1)I have reviewed this annual report on Form 10-K of Six Flags Entertainment Corporation;
2)Based on my knowledge, this report does not contain any untrue statement of a material fact or omit to state a material fact necessary to make the statements made, in light of the circumstances under which such statements were made, not misleading with respect to the period covered by this report;
3)Based on my knowledge, the financial statements, and other financial information included in this report, fairly present in all material respects the financial condition, results of operations and cash flows of the registrant as of, and for, the periods presented in this report;
4)The registrant's other certifying officer and I are responsible for establishing and maintaining disclosure controls and procedures (as defined in Exchange Act Rules 13a-15(e) and 15d-15(e)) and internal control over financial reporting (as defined in Exchange Act Rules 13a-15(f) and 15d-15(f)) for the registrant and have:
a.Designed such disclosure controls and procedures, or caused such disclosure controls and procedures to be designed under our supervision, to ensure that material information relating to the registrant, including its consolidated subsidiaries, is made known to us by others within those entities, particularly during the period in which this report is being prepared;
b.Designed such internal control over financial reporting, or caused such internal control over financial reporting to be designed under our supervision, to provide reasonable assurance regarding the reliability of financial reporting and the preparation of financial statements for external purposes in accordance with generally accepted accounting principles;
c.Evaluated the effectiveness of the registrant's disclosure controls and procedures and presented in this report our conclusions about the effectiveness of the disclosure controls and procedures, as of the end of the period covered by this report based on such evaluation; and
d.Disclosed in this report any change in the registrant's internal control over financial reporting that occurred during the registrant's most recent fiscal quarter (the registrant's fourth fiscal quarter in the case of an annual report) that has materially affected, or is reasonably likely to materially affect, the registrant's internal control over financial reporting; and
5)The registrant's other certifying officer and I have disclosed, based on our most recent evaluation of internal control over financial reporting, to the registrant's auditors and the audit committee of the registrant's board of directors (or persons performing the equivalent functions):
a.All significant deficiencies and material weaknesses in the design or operation of internal control over financial reporting which are reasonably likely to adversely affect the registrant's ability to record, process, summarize and report financial information; and
b.Any fraud, whether or not material, that involves management or other employees who have a significant role in the registrant's internal control over financial reporting.

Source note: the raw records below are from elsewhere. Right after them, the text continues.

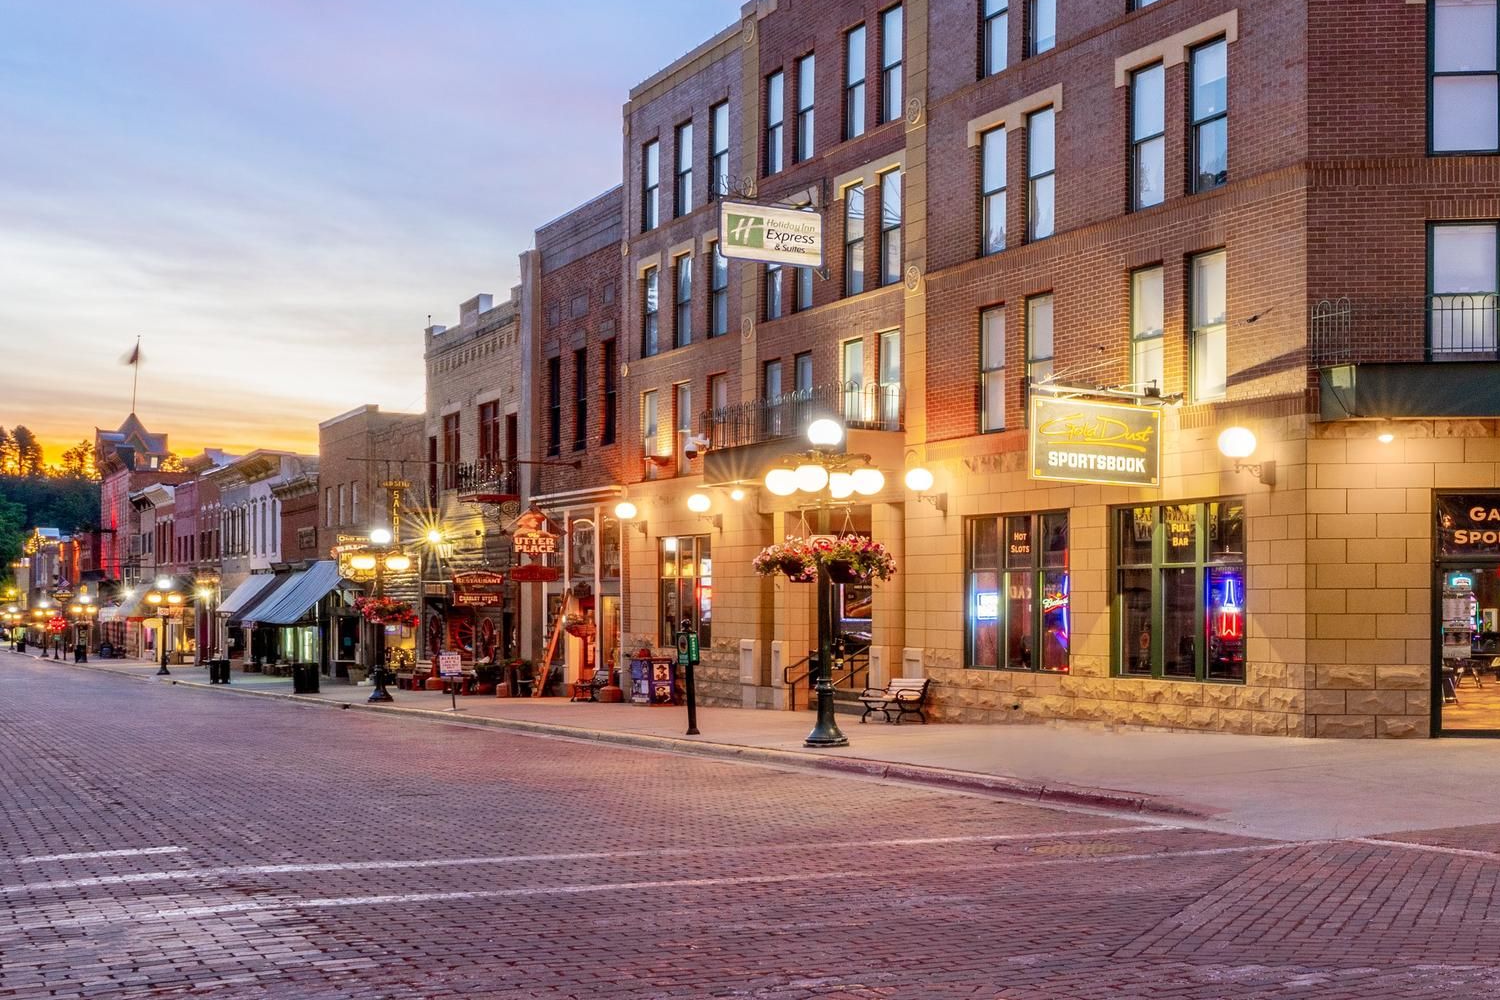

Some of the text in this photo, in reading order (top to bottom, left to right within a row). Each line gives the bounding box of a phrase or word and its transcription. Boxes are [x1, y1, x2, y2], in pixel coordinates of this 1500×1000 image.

[767, 219, 815, 233] Holiday Inn
[766, 229, 815, 244] Express
[782, 244, 806, 253] Suites
[1039, 413, 1154, 442] Gold Dust
[1048, 450, 1146, 473] SPORTSBOOK
[1171, 523, 1190, 533] FULL
[515, 537, 554, 545] UTTER
[1014, 533, 1027, 541] HOT
[1172, 537, 1189, 546] BAR
[515, 545, 555, 553] PLACE
[1010, 545, 1030, 553] SLOTS
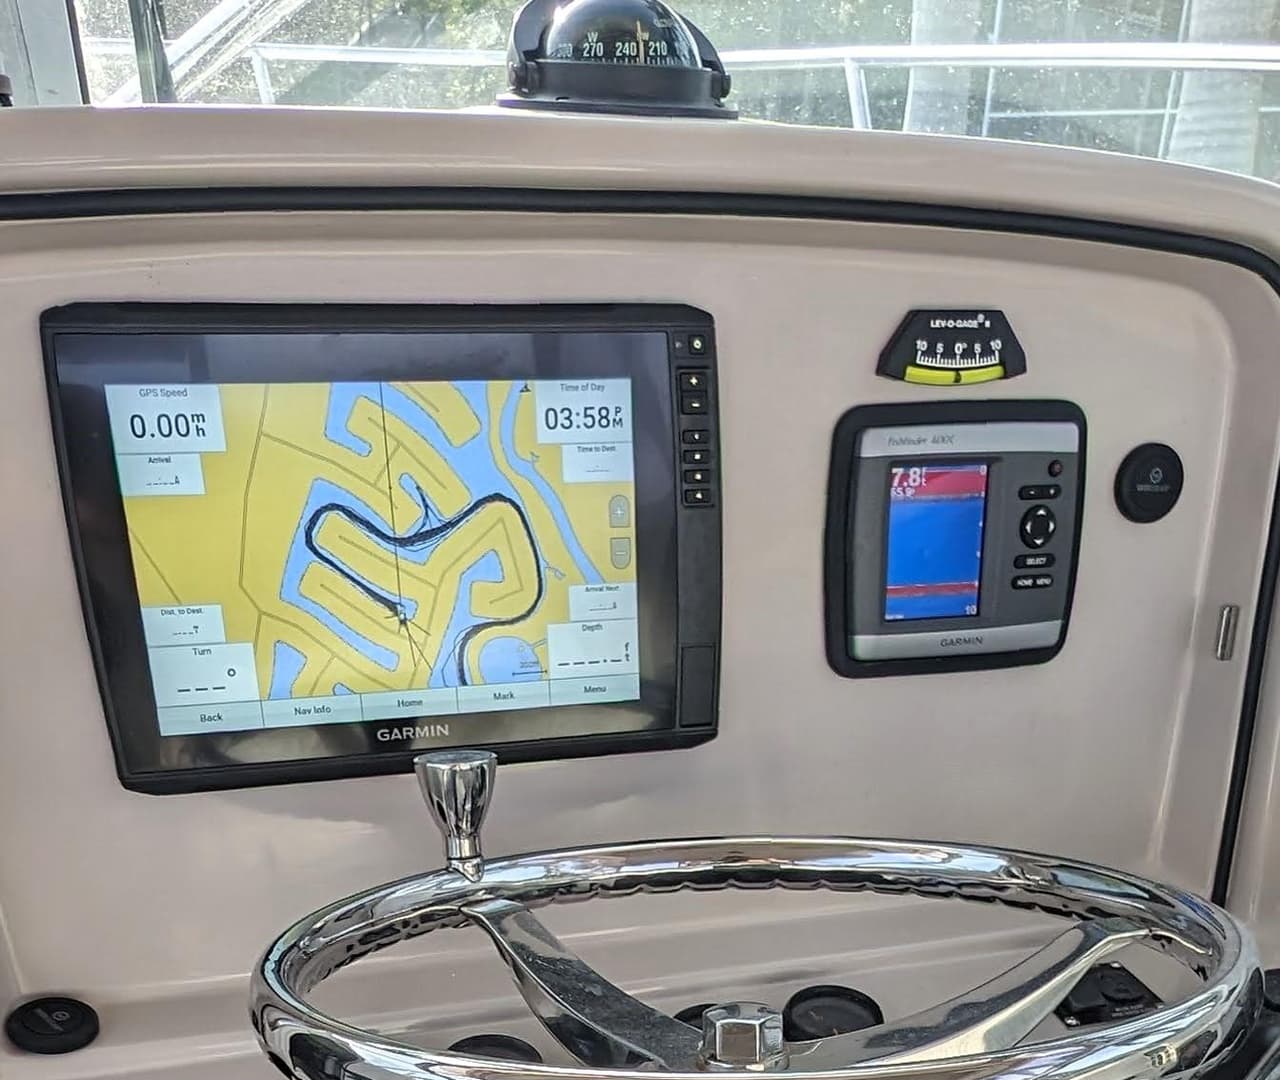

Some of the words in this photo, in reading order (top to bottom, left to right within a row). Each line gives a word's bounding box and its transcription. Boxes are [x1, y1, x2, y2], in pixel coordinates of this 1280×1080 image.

[587, 32, 598, 42] W
[583, 43, 604, 57] 270
[615, 42, 638, 56] 240
[648, 42, 668, 56] 210
[916, 340, 928, 351] 10
[936, 343, 945, 353] 5
[974, 343, 982, 353] 5
[989, 339, 1002, 350] 10
[560, 383, 579, 392] Time
[580, 383, 589, 391] of
[591, 382, 605, 392] Day
[138, 388, 158, 398] GPS
[160, 388, 188, 398] Speed
[614, 406, 622, 417] P
[190, 413, 206, 423] m
[544, 406, 610, 430] 03:58
[612, 418, 623, 428] M
[129, 413, 190, 439] 0.00
[196, 424, 206, 437] h
[891, 467, 921, 487] 7.8
[965, 605, 978, 616] 10
[581, 623, 604, 632] Depth
[940, 637, 983, 648] GARMIN
[192, 647, 212, 656] Turn
[583, 685, 608, 694] Menu
[493, 691, 515, 701] Mark
[397, 698, 423, 708] Home
[294, 706, 312, 716] Nav
[313, 705, 332, 715] Info
[199, 713, 224, 723] Back
[376, 723, 450, 742] GARMIN

Date:February 26, 2026 /s/ Brian Witherow
 Brian Witherow
 Chief Financial Officer


Exhibit 32
CERTIFICATIONS PURSUANT TO 18 U.S.C. SECTION 1350, AS ADOPTED
PURSUANT TO SECTION 906 OF THE SARBANES-OXLEY ACT OF 2002
In connection with the Annual Report of Six Flags Entertainment Corporation (the "Company") on Form 10-K for the period ended December 31, 2025, as filed with the Securities and Exchange Commission on the date hereof (the “Report”), each of the undersigned officers of the Company certifies, pursuant to 18 U.S.C. Section 1350, as adopted pursuant to Section 906 of the Sarbanes-Oxley Act of 2002, that to our knowledge:
1.The Report fully complies with the requirements of Section 13(a) or 15(d) of the Securities Exchange Act of 1934; and
2.The information contained in the Report fairly presents, in all material respects, the financial condition and results of operations of the Company.
 
February 26, 2026
 
/s/ John Reilly
John Reilly
President and Chief Executive Officer
/s/ Brian Witherow
Brian Witherow
Chief Financial Officer
The foregoing certification is being furnished solely pursuant to 18 U.S.C. Section 1350 and is not being filed as part of the Report or as a separate disclosure document.